I saw my mother for an hour and a half each day.
Half hour in the morning, when she’d wake me at 5:30 a.m. to get ready for school, and then an hour at night, just long enough to make sure I ate dinner and did my homework. The rest of the time, she was working. She didn’t talk about what she did much, or where exactly she did it. I had a few clues, like when she’d come home smelling like grease and coffee from the diner around the corner, or when I’d find wadded up receipts from the gas station just up the road in her pockets. Once I even caught her coming out of one of the other rooms at the seedy downtown motel we called home, pushing one of those cleaning lady carts.
I asked her what she was doing, that wasn’t our room.

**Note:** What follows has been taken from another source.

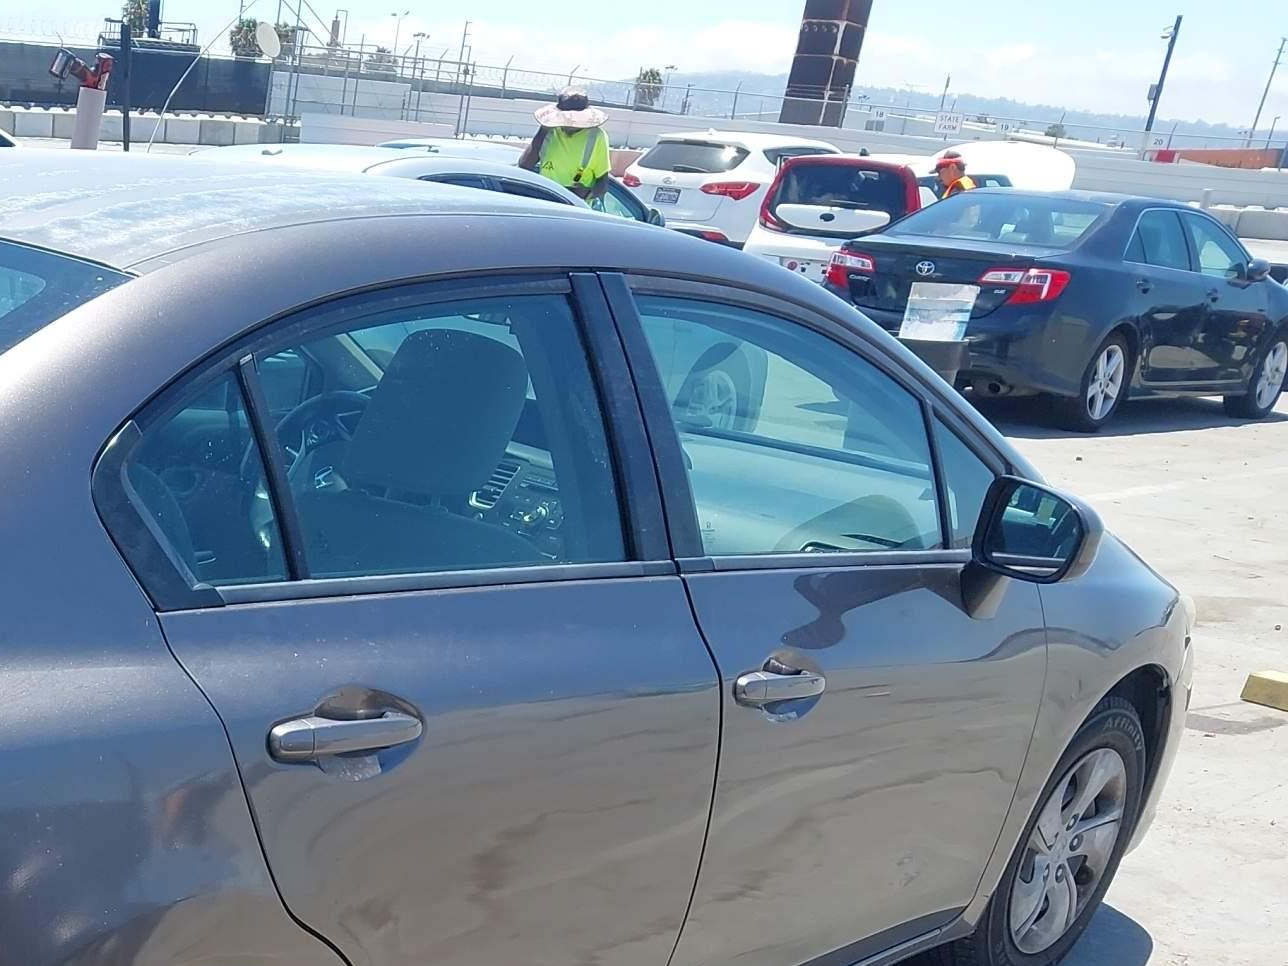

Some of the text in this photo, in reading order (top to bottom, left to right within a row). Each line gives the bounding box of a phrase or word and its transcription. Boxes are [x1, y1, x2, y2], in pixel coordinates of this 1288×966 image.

[938, 114, 960, 122] STATE
[938, 123, 957, 131] FARM
[1102, 715, 1143, 752] Affinity
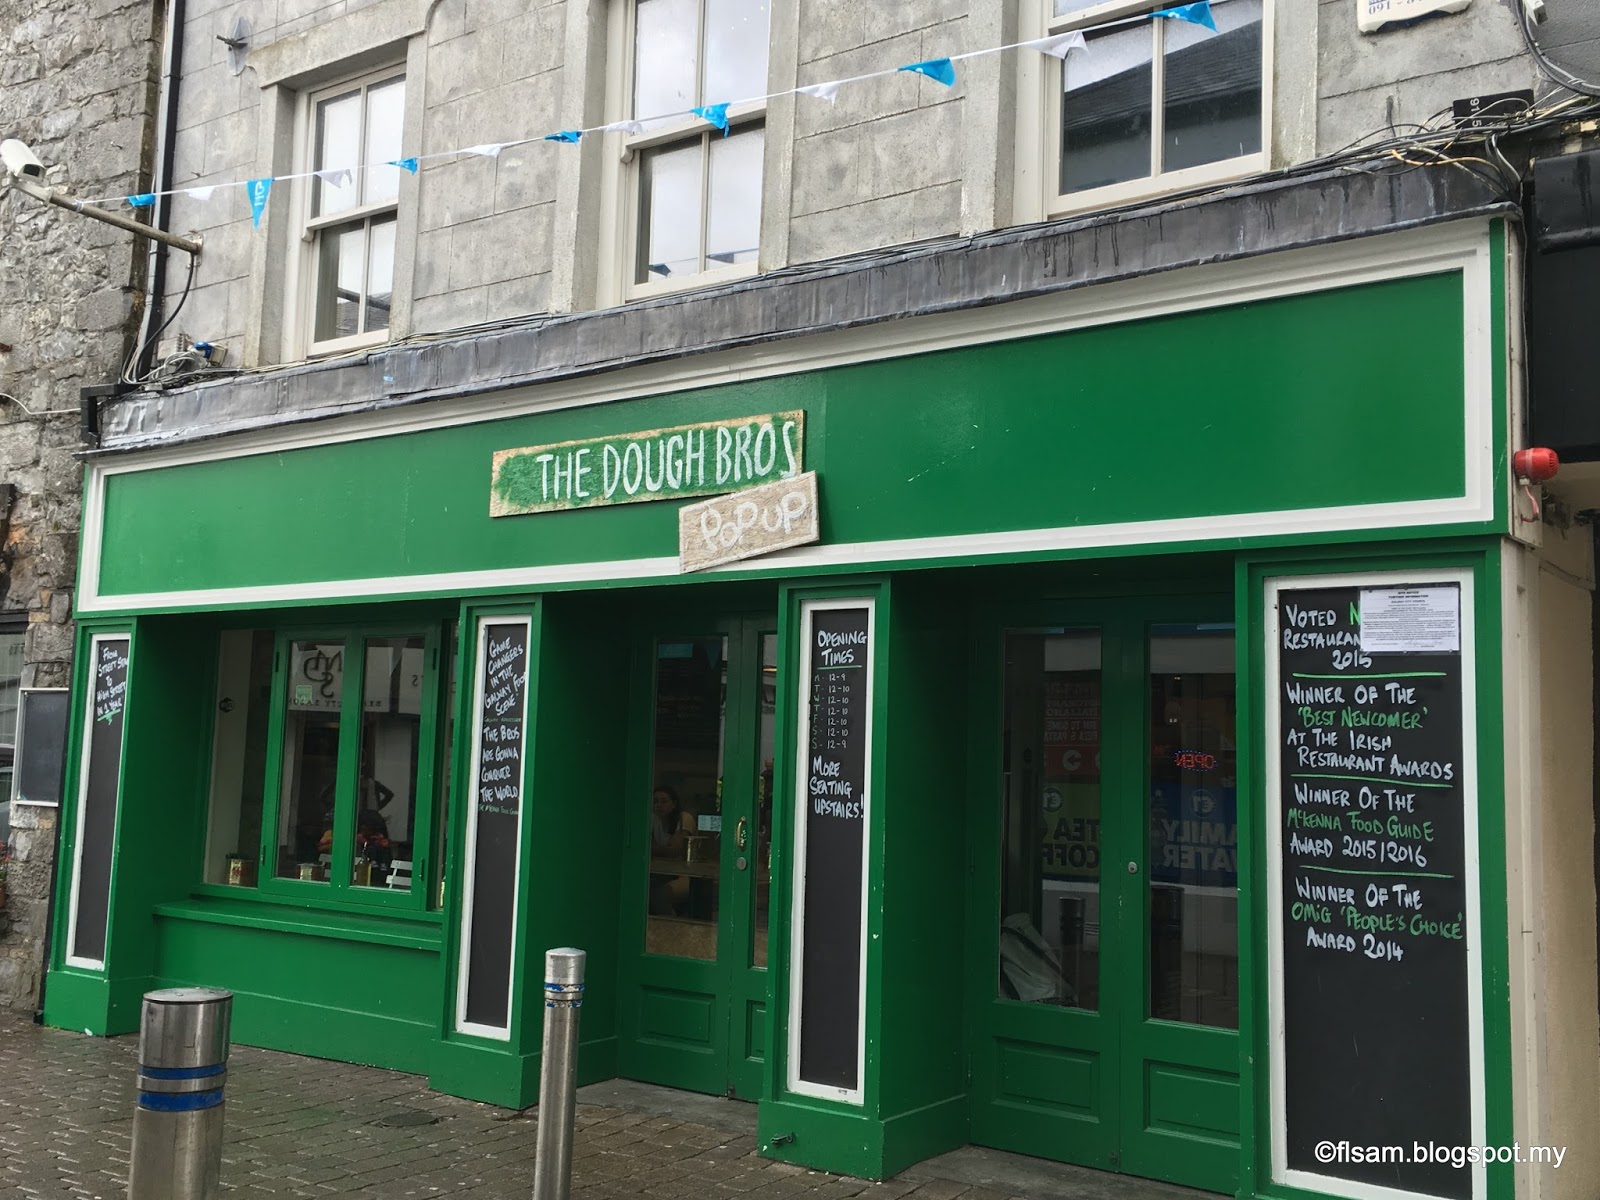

An expression flickered across her face, a moment of panic mixed with mortification, but she caught hold of it quick and waved me off.
“What needs be done,” she said, and told me to go on home.
I didn’t know what that meant, but I was only around seven, so I didn’t think too much on it, either. I tried not to think on much, really, like why we didn’t have a real house with a yard, or why I didn’t have a dad, like my friends. I used to, when I first learned about those kinds of things, but it made Mom cry, so I stopped.
I hated to make Mom cry.
We didn’t have much outside of our single room on the second floor of the motel. Enough clothes to get through a week thanks to charity drives at the church, carefully maintained school supplies that Mom squirreled away any chance she had to get her hands on them, food. Mom didn’t have a whole lot she could take pride in, but I was clean and cared for, and she was proud of that.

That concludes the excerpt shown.